(Dataset records)
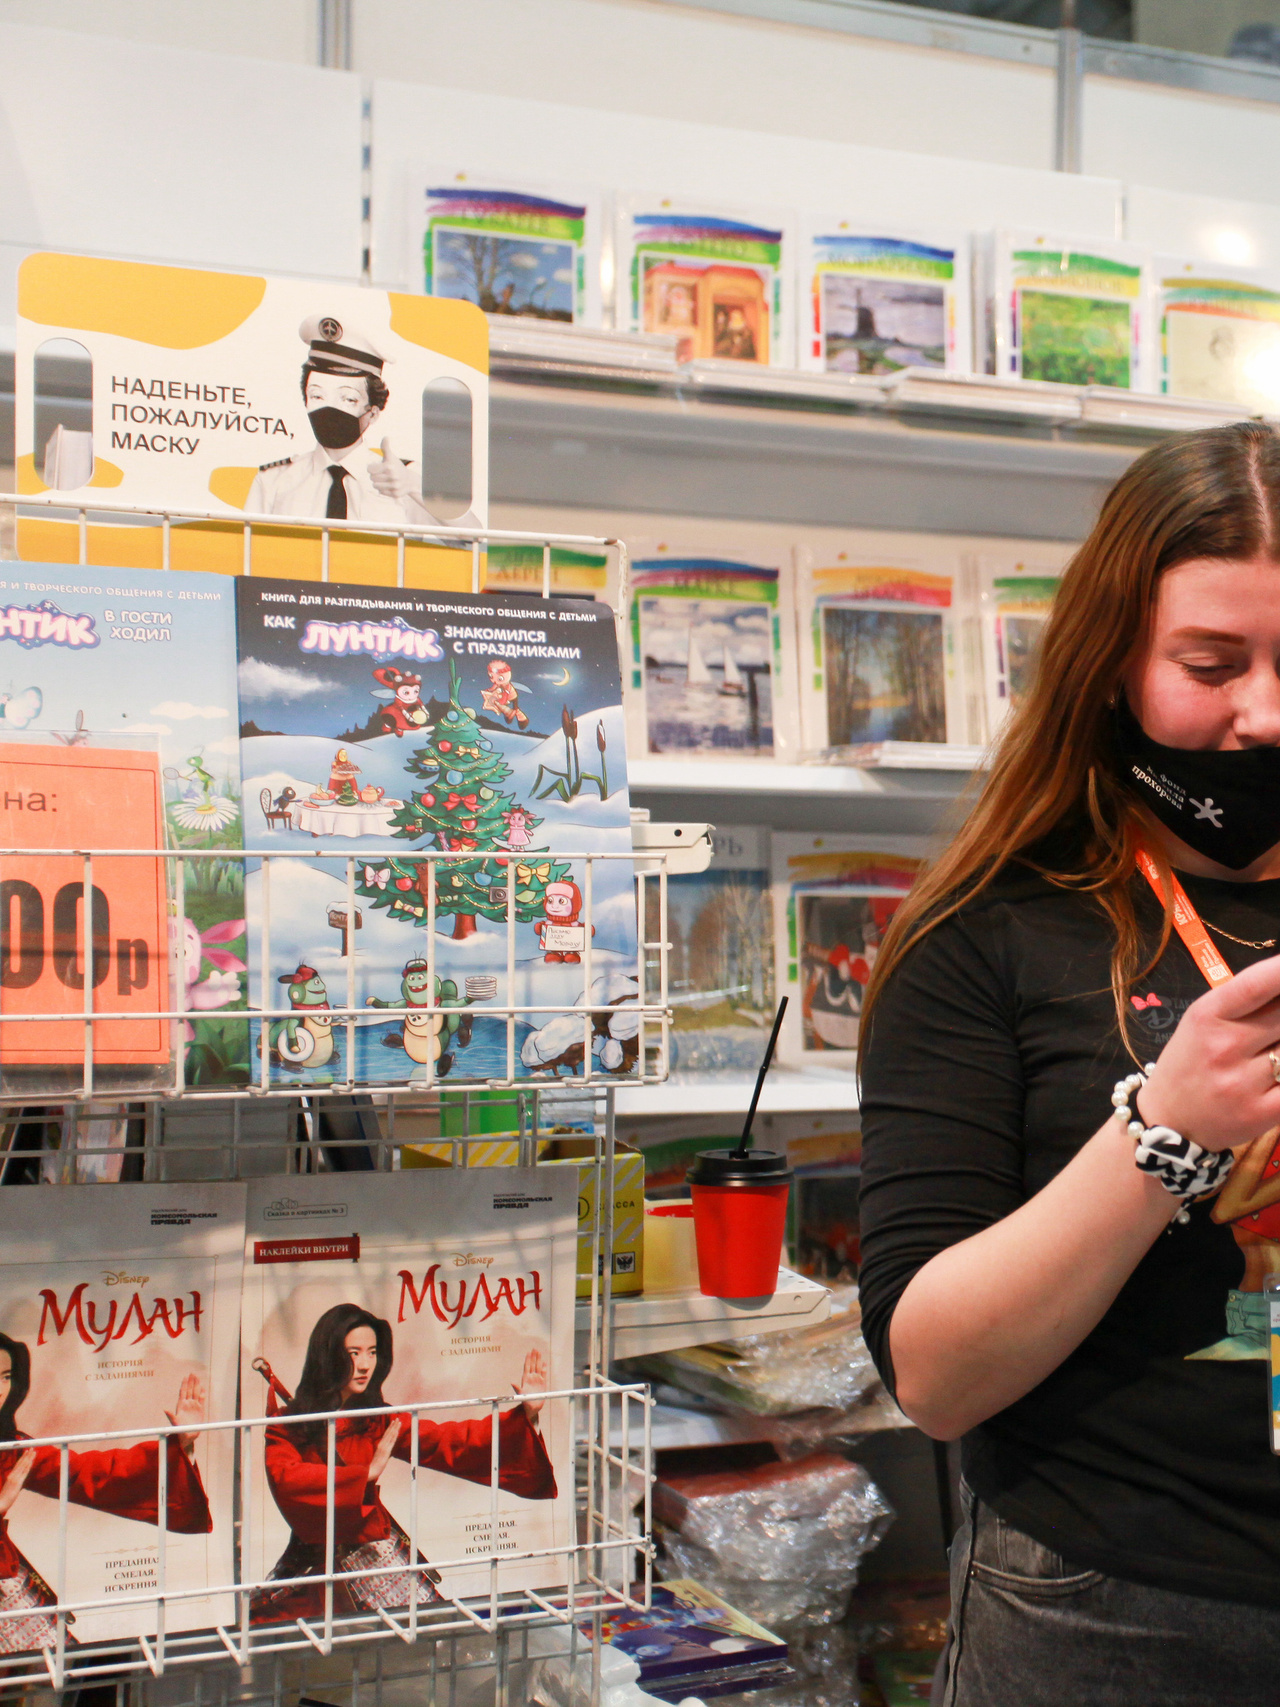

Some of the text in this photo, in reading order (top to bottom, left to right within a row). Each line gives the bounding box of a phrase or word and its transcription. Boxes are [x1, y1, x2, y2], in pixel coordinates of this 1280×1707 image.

[110, 375, 252, 409] НАДЕНЬТЕ,
[110, 401, 295, 438] ПОЖАЛУЙСТА,
[110, 430, 200, 455] МАСКУ
[11, 582, 20, 590] И
[24, 582, 103, 595] ТВОРЧЕСКОГО
[106, 588, 164, 599] ОБЩЕНИЯ
[167, 590, 174, 599] С
[178, 591, 222, 601] ДЕТЬМИ
[261, 592, 597, 622] КНИГА ДЛЯ РАЗГЛЯДЫВАНИЯ И ТВОРЧЕСКОГО ОБЩЕНИЯ С ДЕТЬМИ
[104, 610, 116, 623] В
[121, 610, 172, 626] ГОСТИ
[110, 626, 172, 643] ХОДИЛ
[263, 614, 547, 660] КАК ЛУНТИК ЗНАКОМИЛСЯ
[453, 641, 581, 660] С ПРАЗДНИКАМИ
[259, 1244, 349, 1257] НАКЛЕЙКИ ВНУТРИ
[449, 1252, 494, 1269] Disney
[101, 1270, 150, 1288] Disney
[450, 1336, 491, 1345] ИСТОРИЯ
[448, 1346, 502, 1356] ЗАДАНИЯМИ
[97, 1359, 143, 1370] ИСТОРИЯ
[93, 1370, 154, 1381] ЗАДАНИЯМИ
[465, 1520, 518, 1532] ПРЕДАНАЯ.
[473, 1532, 510, 1542] СМЕАЯ.
[114, 1569, 156, 1579] СМЕЛАЯ.
[104, 1580, 158, 1593] ИСКРЕННЯ
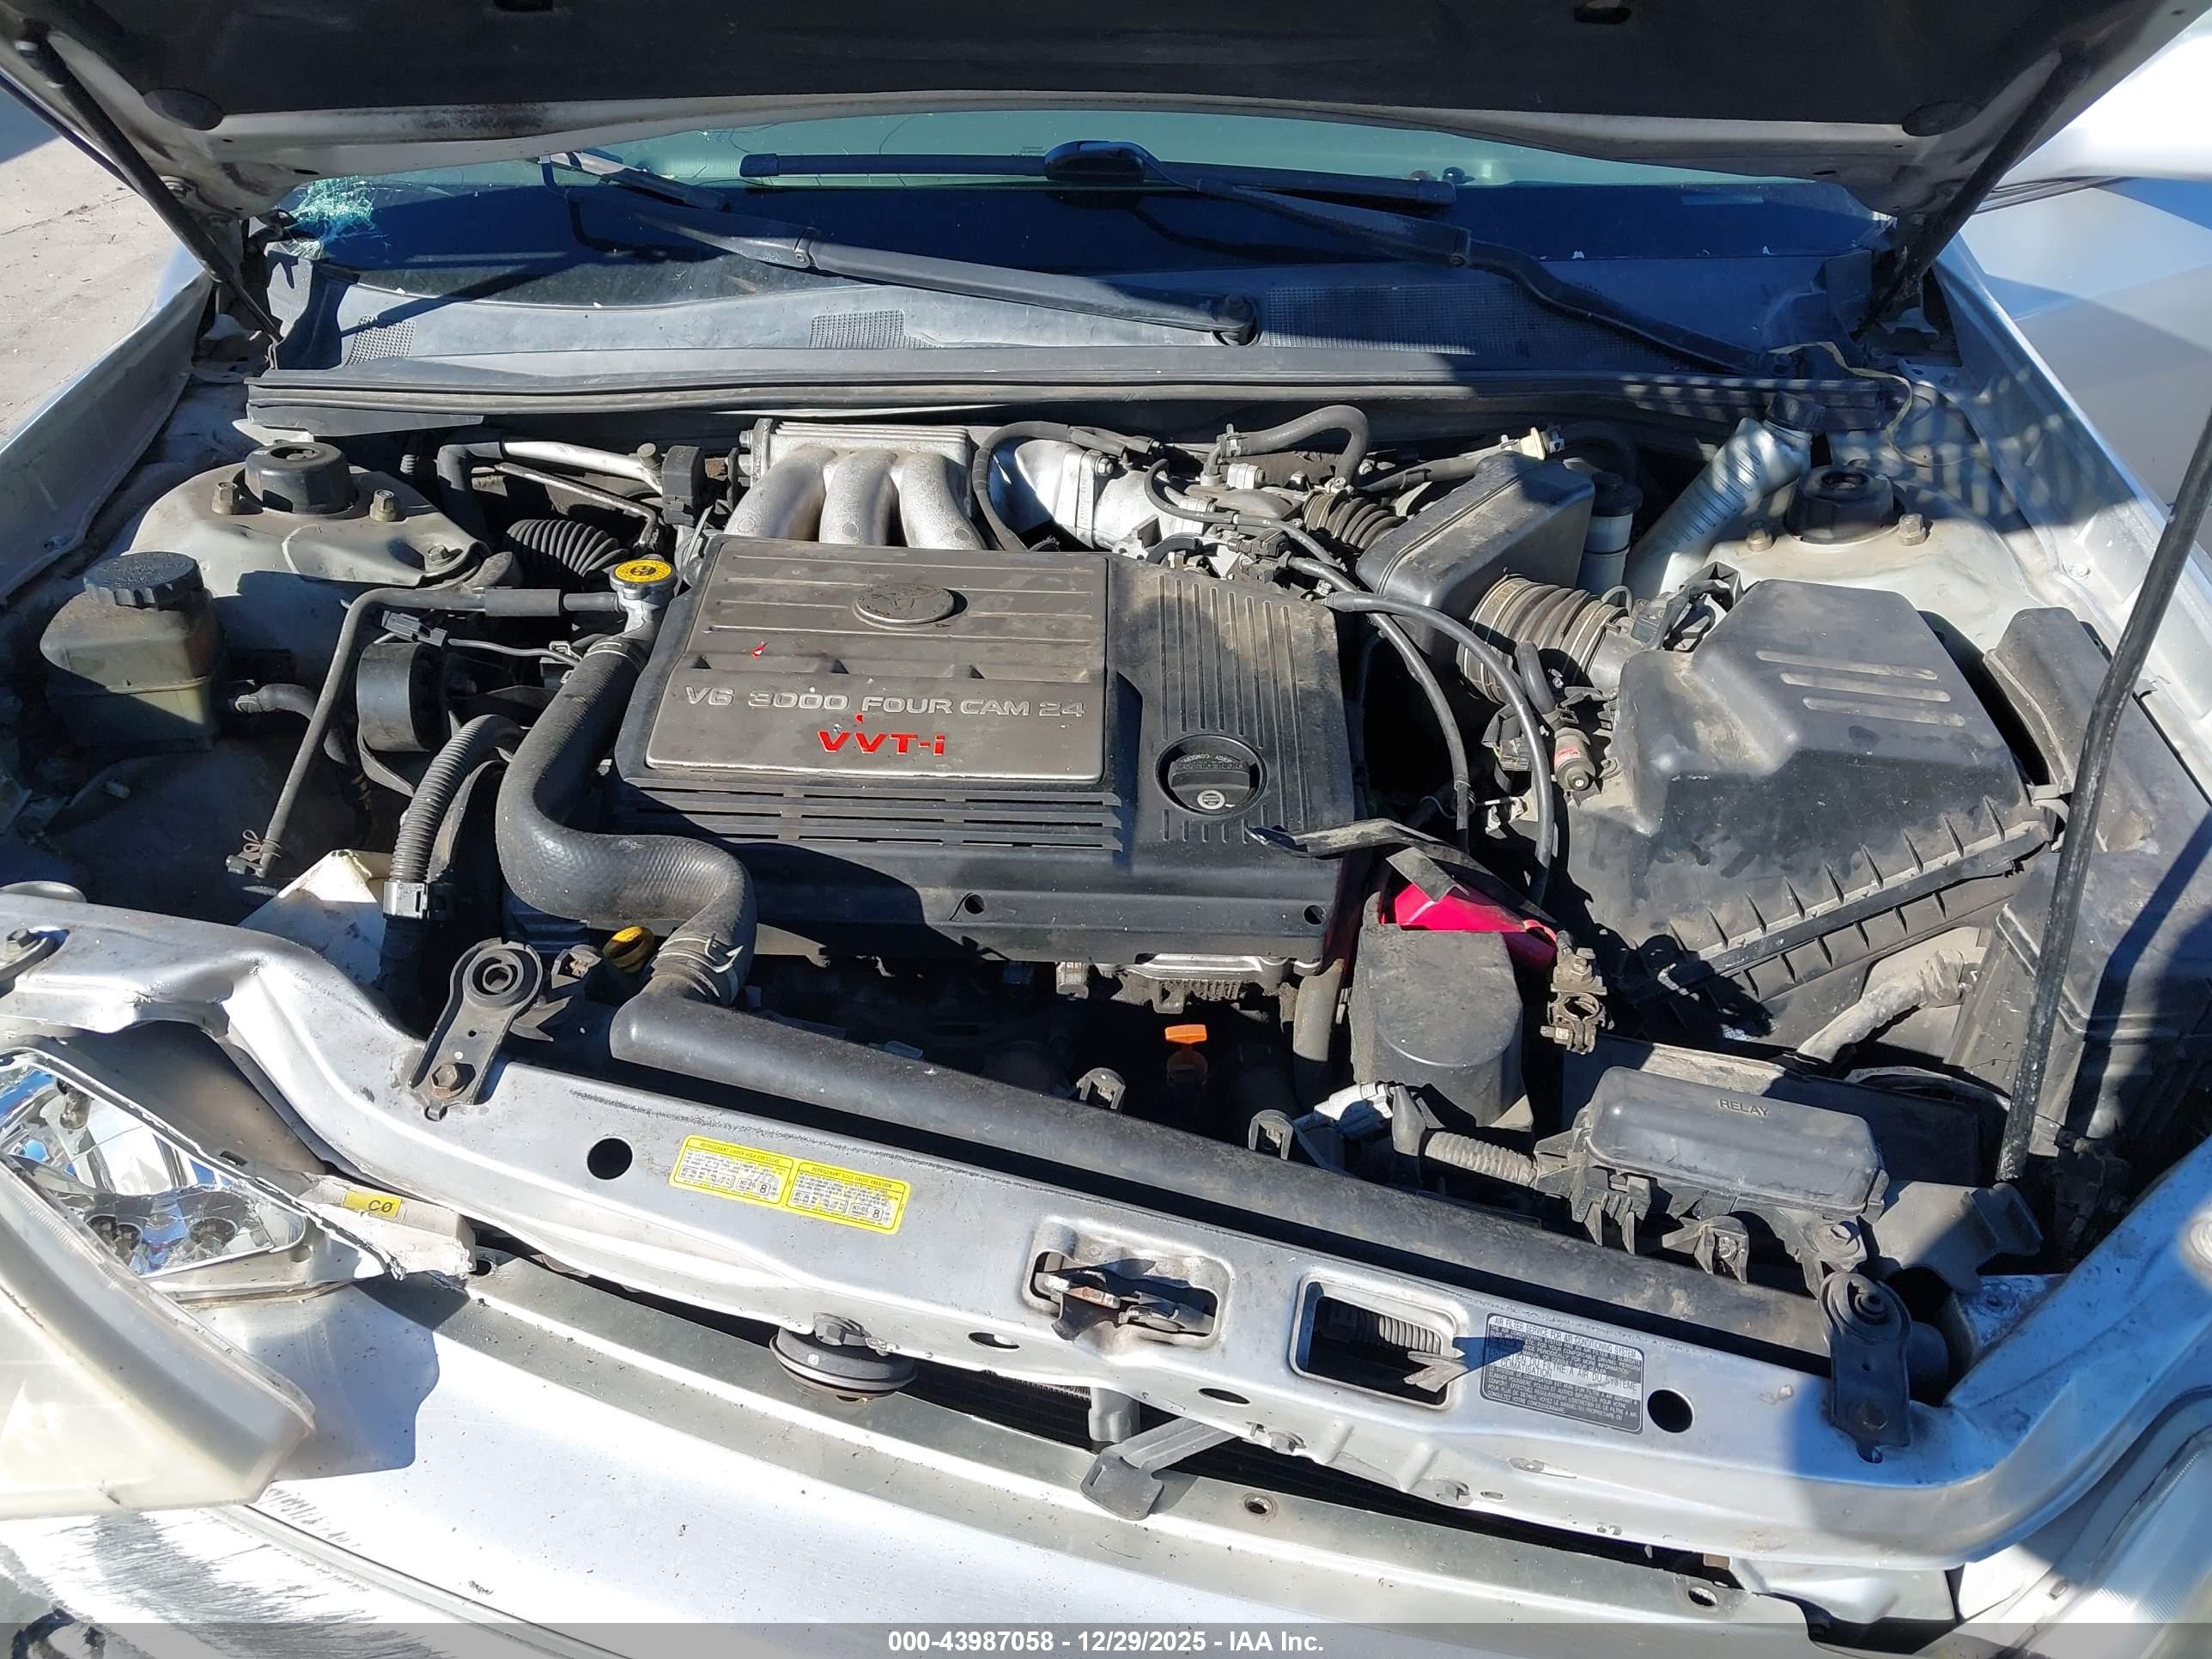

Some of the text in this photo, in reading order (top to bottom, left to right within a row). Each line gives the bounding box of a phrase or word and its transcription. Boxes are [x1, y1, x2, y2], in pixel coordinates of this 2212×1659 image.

[686, 686, 1085, 718] V6 3000 FOUR CAM 24
[817, 731, 945, 757] VVT-i
[1718, 1098, 1769, 1117] RELAY
[760, 1184, 767, 1194] 8
[872, 1209, 880, 1219] 8
[1495, 1316, 1635, 1358] AIR FILTER SERVICE FOR AIR CONDITIONING SYSTEM
[1543, 1361, 1565, 1373] FILTRE
[1577, 1369, 1588, 1378] AIR
[1593, 1373, 1601, 1382] DU

PROBLEM TO SOLVE: Transcribe the records above exactly, excluding every picture.

ANSWER BOX:
Some of the text in this photo, in reading order (top to bottom, left to right within a row). Each line gives the bounding box of a phrase or word and its transcription. Boxes are [x1, y1, x2, y2], in pixel coordinates of this 1280×1707 image.

[110, 375, 252, 409] НАДЕНЬТЕ,
[110, 401, 295, 438] ПОЖАЛУЙСТА,
[110, 430, 200, 455] МАСКУ
[11, 582, 20, 590] И
[24, 582, 103, 595] ТВОРЧЕСКОГО
[106, 588, 164, 599] ОБЩЕНИЯ
[167, 590, 174, 599] С
[178, 591, 222, 601] ДЕТЬМИ
[261, 592, 597, 622] КНИГА ДЛЯ РАЗГЛЯДЫВАНИЯ И ТВОРЧЕСКОГО ОБЩЕНИЯ С ДЕТЬМИ
[104, 610, 116, 623] В
[121, 610, 172, 626] ГОСТИ
[110, 626, 172, 643] ХОДИЛ
[263, 614, 547, 660] КАК ЛУНТИК ЗНАКОМИЛСЯ
[453, 641, 581, 660] С ПРАЗДНИКАМИ
[259, 1244, 349, 1257] НАКЛЕЙКИ ВНУТРИ
[449, 1252, 494, 1269] Disney
[101, 1270, 150, 1288] Disney
[450, 1336, 491, 1345] ИСТОРИЯ
[448, 1346, 502, 1356] ЗАДАНИЯМИ
[97, 1359, 143, 1370] ИСТОРИЯ
[93, 1370, 154, 1381] ЗАДАНИЯМИ
[465, 1520, 518, 1532] ПРЕДАНАЯ.
[473, 1532, 510, 1542] СМЕАЯ.
[114, 1569, 156, 1579] СМЕЛАЯ.
[104, 1580, 158, 1593] ИСКРЕННЯ

Some of the text in this photo, in reading order (top to bottom, left to right within a row). Each line gives the bounding box of a phrase or word and its transcription. Boxes are [x1, y1, x2, y2], in pixel coordinates of this 2212×1659 image.

[686, 686, 1085, 718] V6 3000 FOUR CAM 24
[817, 731, 945, 757] VVT-i
[1718, 1098, 1769, 1117] RELAY
[760, 1184, 767, 1194] 8
[872, 1209, 880, 1219] 8
[1495, 1316, 1635, 1358] AIR FILTER SERVICE FOR AIR CONDITIONING SYSTEM
[1543, 1361, 1565, 1373] FILTRE
[1577, 1369, 1588, 1378] AIR
[1593, 1373, 1601, 1382] DU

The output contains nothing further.